**Task goal:** With pictures removed, output every record below exactly as written.

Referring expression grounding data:
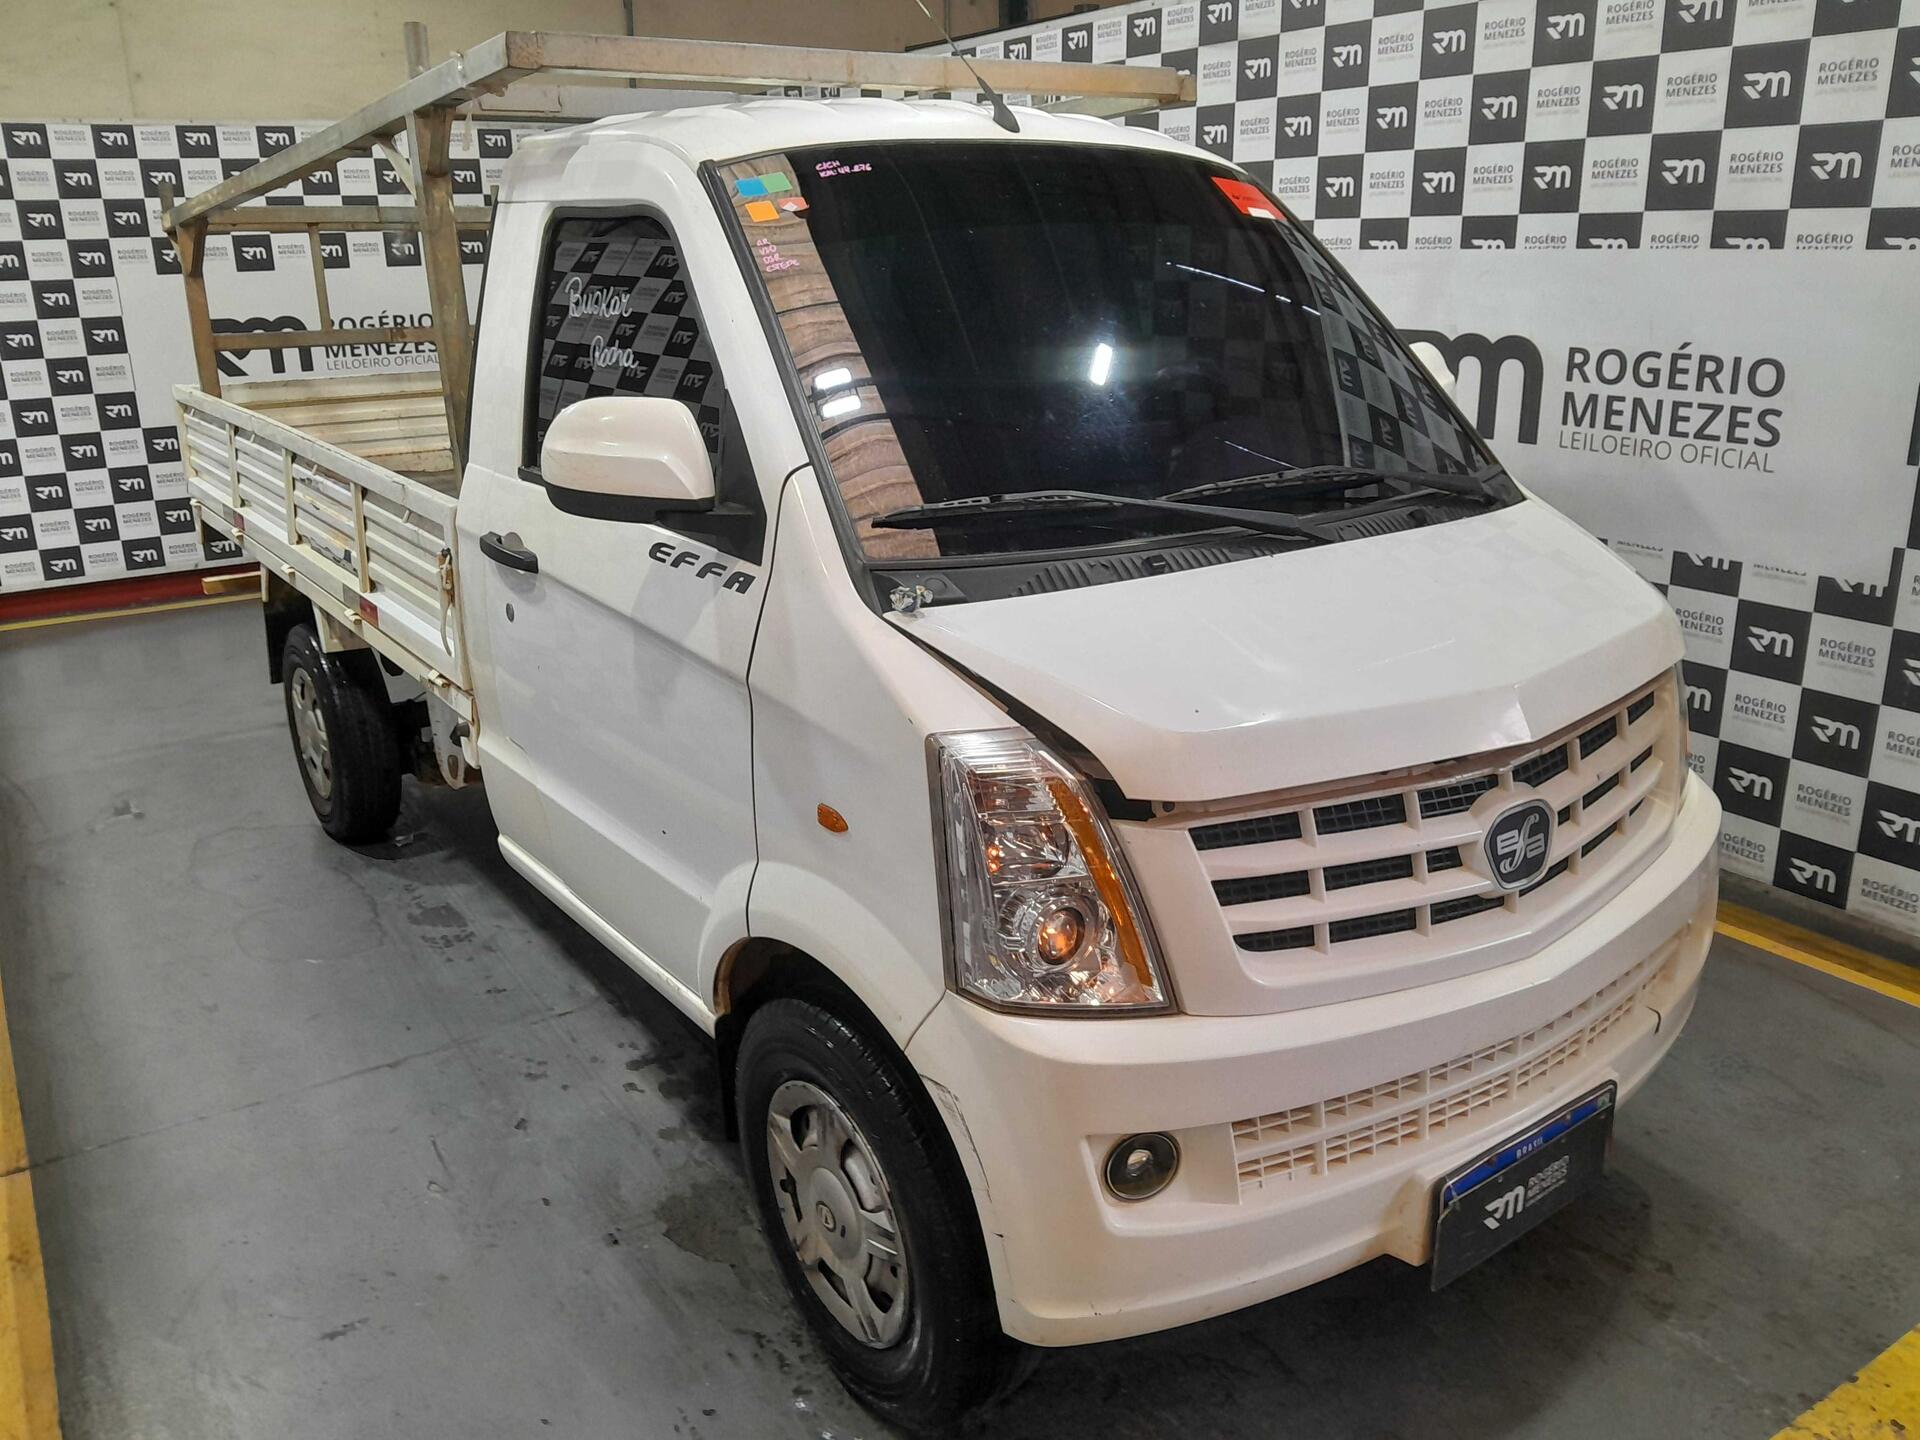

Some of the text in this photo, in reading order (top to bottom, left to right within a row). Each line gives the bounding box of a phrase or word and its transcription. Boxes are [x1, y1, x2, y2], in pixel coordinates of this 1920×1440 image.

[1651, 234, 1699, 244] ROGÉRIO
[1797, 233, 1853, 244] ROGÉRIO
[327, 358, 390, 370] LEILOEIRO
[1566, 342, 1785, 397] ROGÉRIO
[1561, 391, 1783, 447] MENEZES
[1559, 430, 1775, 473] LEILOEIRO OFICIAL
[648, 542, 756, 594] EFFA
[1820, 638, 1876, 657] ROGÉRIO
[1818, 648, 1874, 668] MENEZES
[1735, 694, 1786, 713] ROGÉRIO
[1734, 704, 1786, 724] MENEZES
[1798, 784, 1851, 805] ROGÉRIO
[1797, 794, 1850, 816] MENEZES
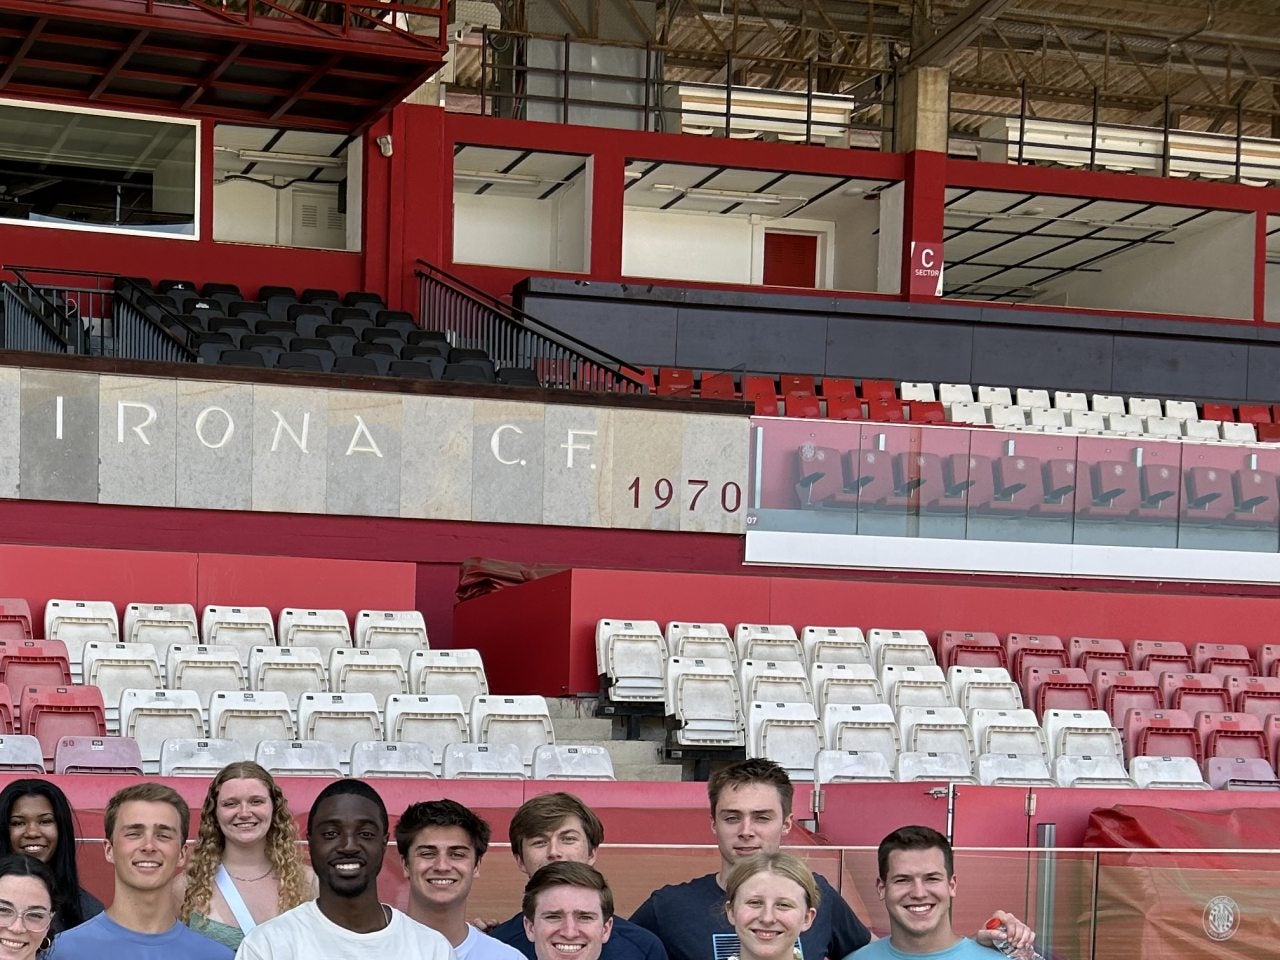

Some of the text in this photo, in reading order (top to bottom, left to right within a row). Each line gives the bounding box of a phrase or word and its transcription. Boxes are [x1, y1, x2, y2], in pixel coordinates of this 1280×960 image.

[921, 248, 934, 268] C
[915, 269, 940, 277] SECTOR
[628, 476, 743, 514] 1970
[747, 516, 757, 524] 07
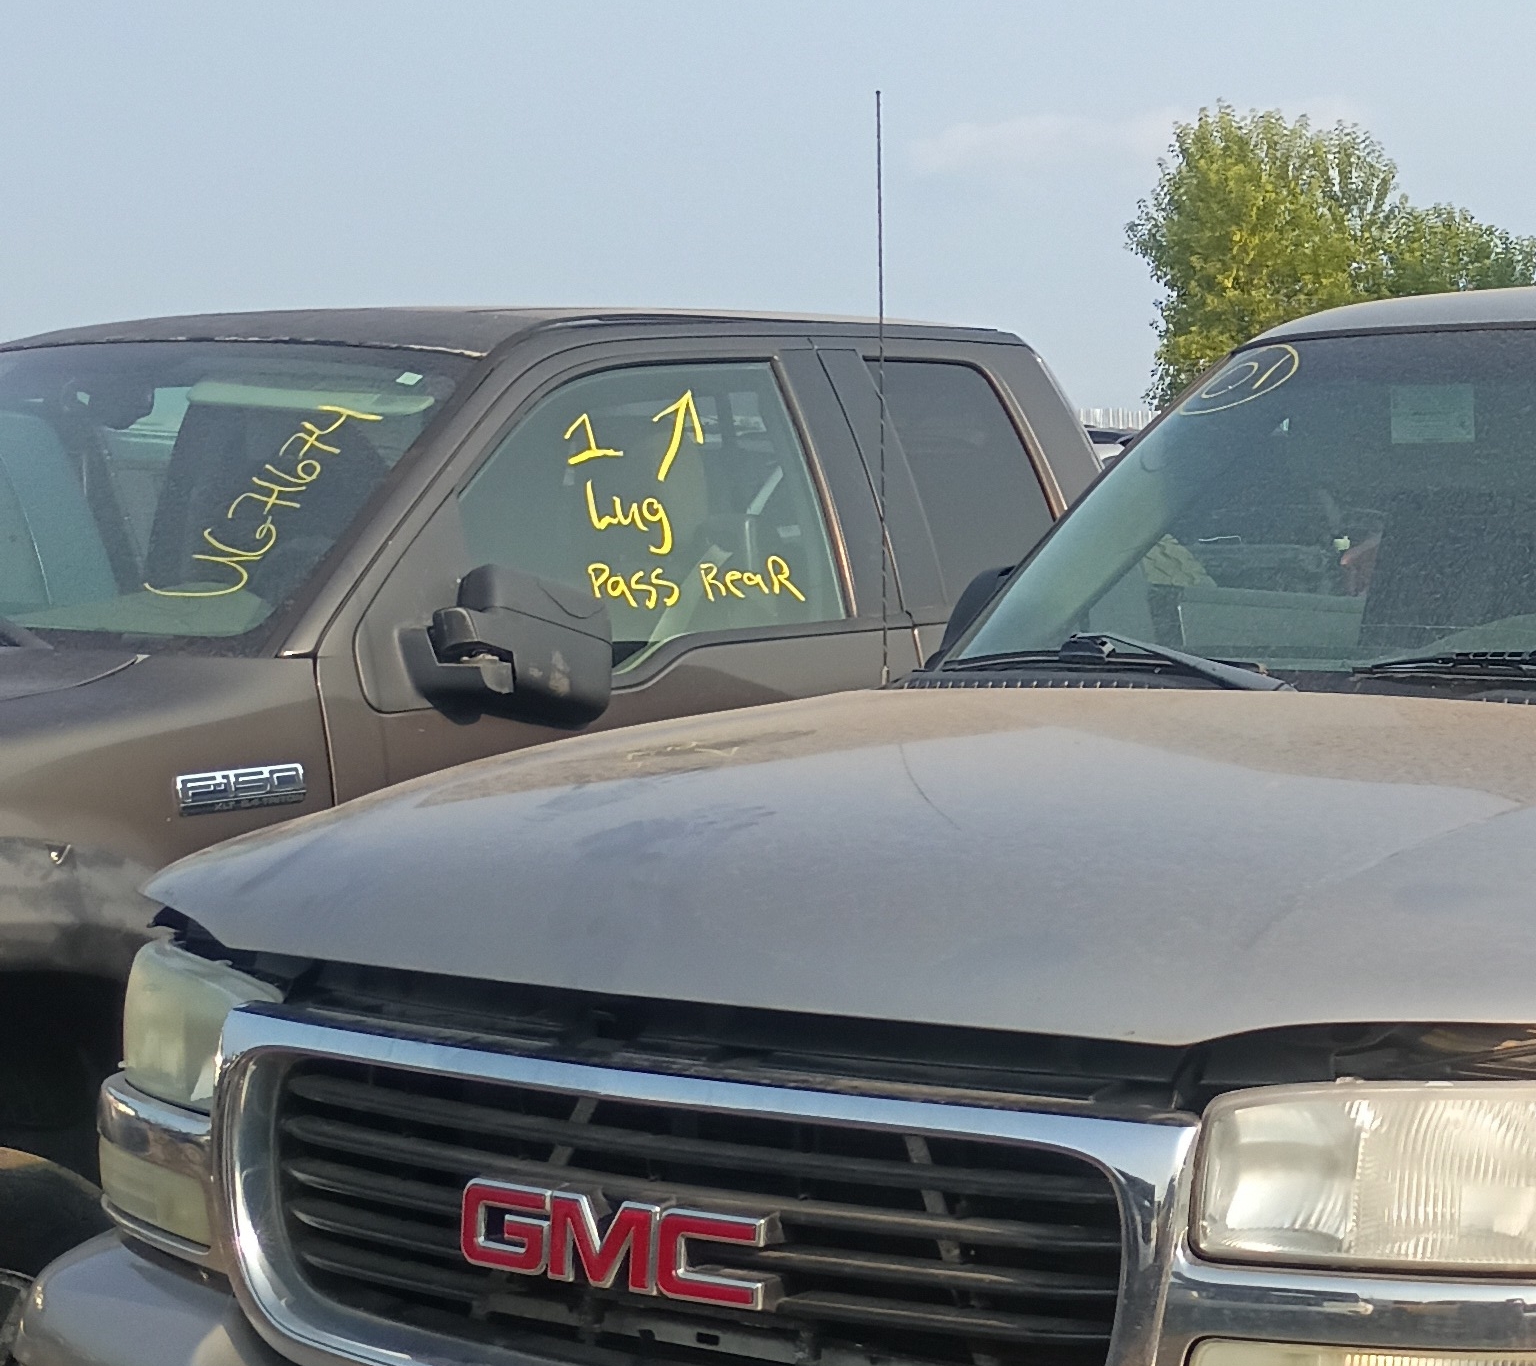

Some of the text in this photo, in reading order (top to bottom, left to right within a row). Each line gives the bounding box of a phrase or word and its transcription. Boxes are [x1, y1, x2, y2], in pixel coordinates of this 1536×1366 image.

[564, 413, 624, 465] 1
[177, 763, 304, 803] F-150
[460, 1176, 770, 1311] GMC
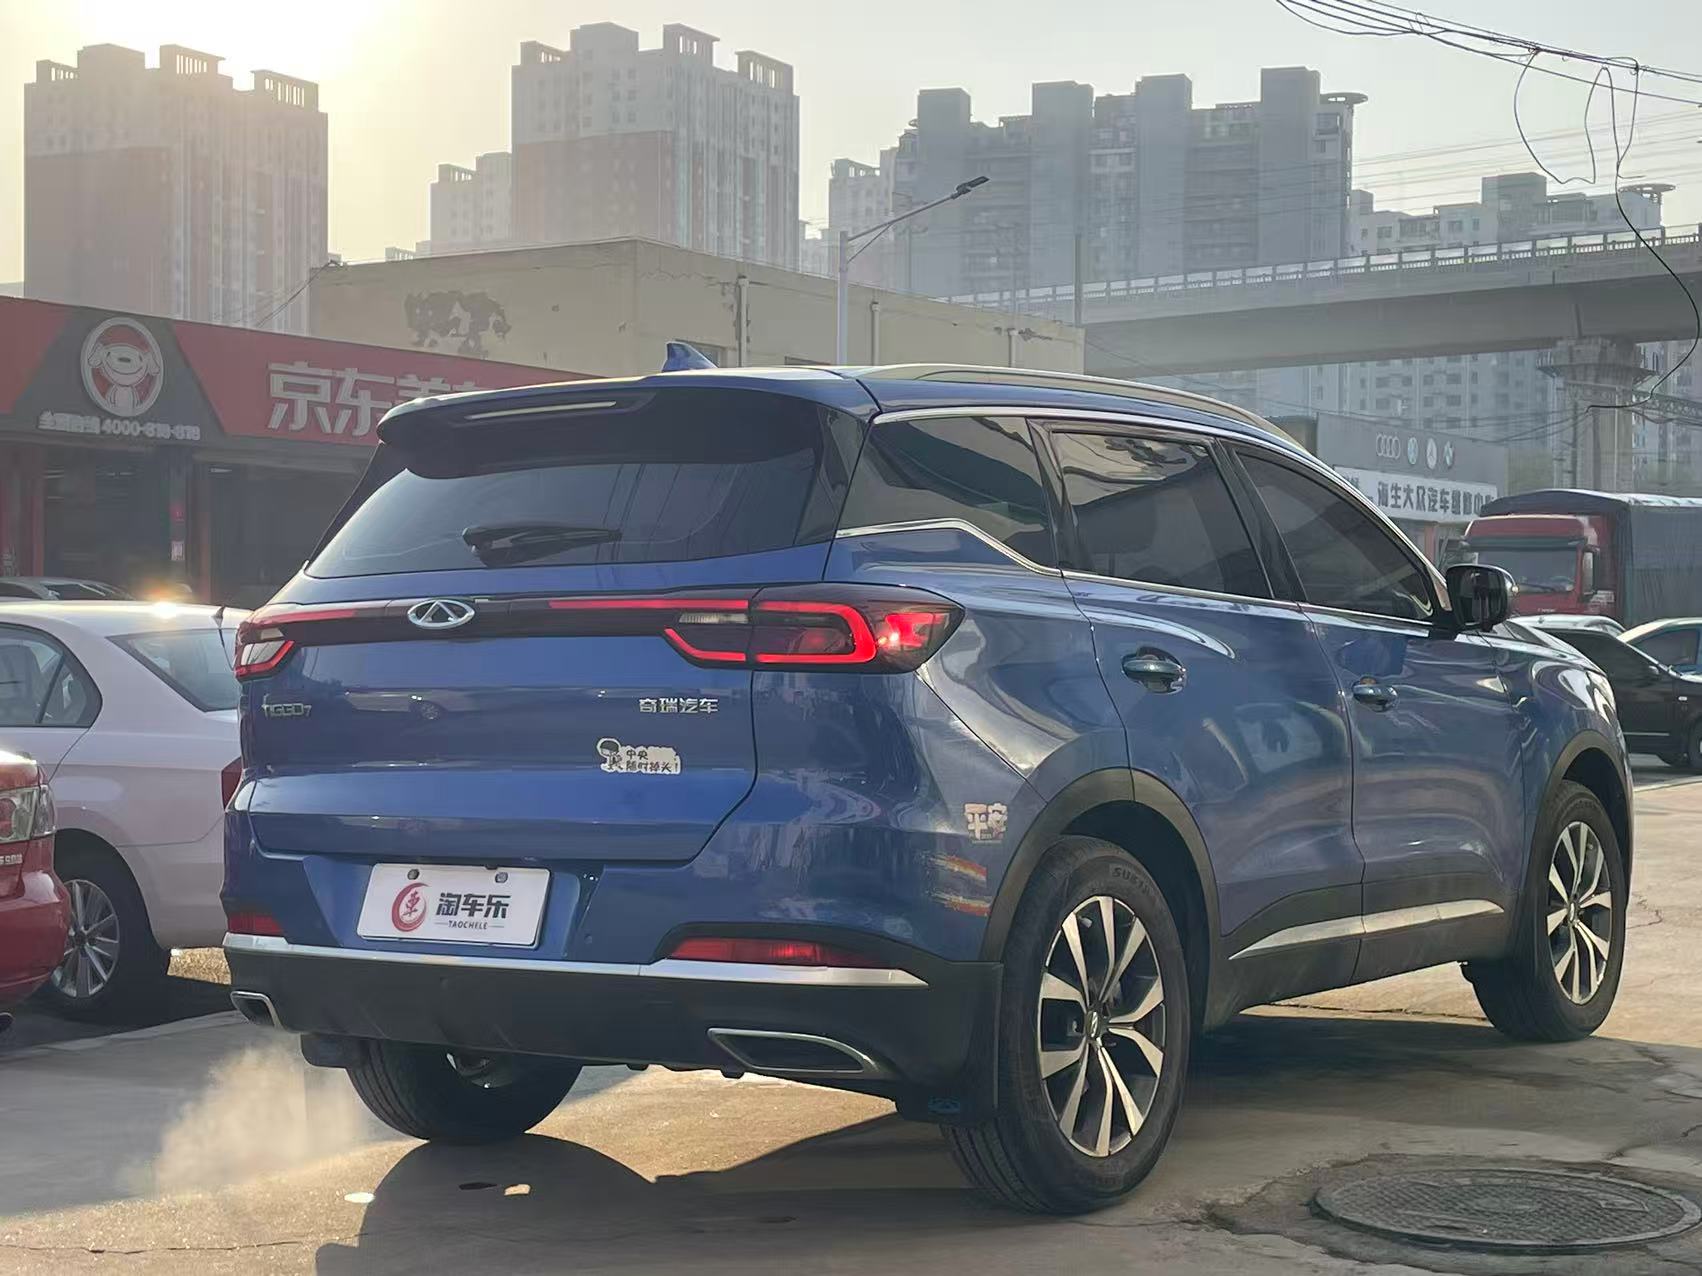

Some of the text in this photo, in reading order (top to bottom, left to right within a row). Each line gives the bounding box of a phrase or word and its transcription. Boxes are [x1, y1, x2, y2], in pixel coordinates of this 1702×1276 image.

**Answer area:**
Some of the text in this photo, in reading order (top to bottom, left to right within a row). Each line gives the bounding box of a phrase or word and its transcription. Boxes are [x1, y1, x2, y2], in pixel coordinates of this 1920×1440 image.

[1651, 234, 1699, 244] ROGÉRIO
[1797, 233, 1853, 244] ROGÉRIO
[327, 358, 390, 370] LEILOEIRO
[1566, 342, 1785, 397] ROGÉRIO
[1561, 391, 1783, 447] MENEZES
[1559, 430, 1775, 473] LEILOEIRO OFICIAL
[648, 542, 756, 594] EFFA
[1820, 638, 1876, 657] ROGÉRIO
[1818, 648, 1874, 668] MENEZES
[1735, 694, 1786, 713] ROGÉRIO
[1734, 704, 1786, 724] MENEZES
[1798, 784, 1851, 805] ROGÉRIO
[1797, 794, 1850, 816] MENEZES

Some of the text in this photo, in reading order (top to bottom, left to right within a row). Each line gives the bounding box of a phrase or word and its transcription. Boxes are [x1, y1, x2, y2], in pixel coordinates of this 1280×960 image.

[921, 248, 934, 268] C
[915, 269, 940, 277] SECTOR
[628, 476, 743, 514] 1970
[747, 516, 757, 524] 07

Some of the text in this photo, in reading order (top to bottom, left to right within a row). Each line gives the bounding box of a phrase or word and its transcription. Boxes are [x1, y1, x2, y2], in pixel coordinates of this 1536×1366 image.

[564, 413, 624, 465] 1
[177, 763, 304, 803] F-150
[460, 1176, 770, 1311] GMC

Some of the text in this photo, in reading order (top to bottom, left to right within a row). Each line gives the bounding box of a phrase or word and its transcription. Boxes are [x1, y1, x2, y2], in pixel coordinates of this 1702×1276 image.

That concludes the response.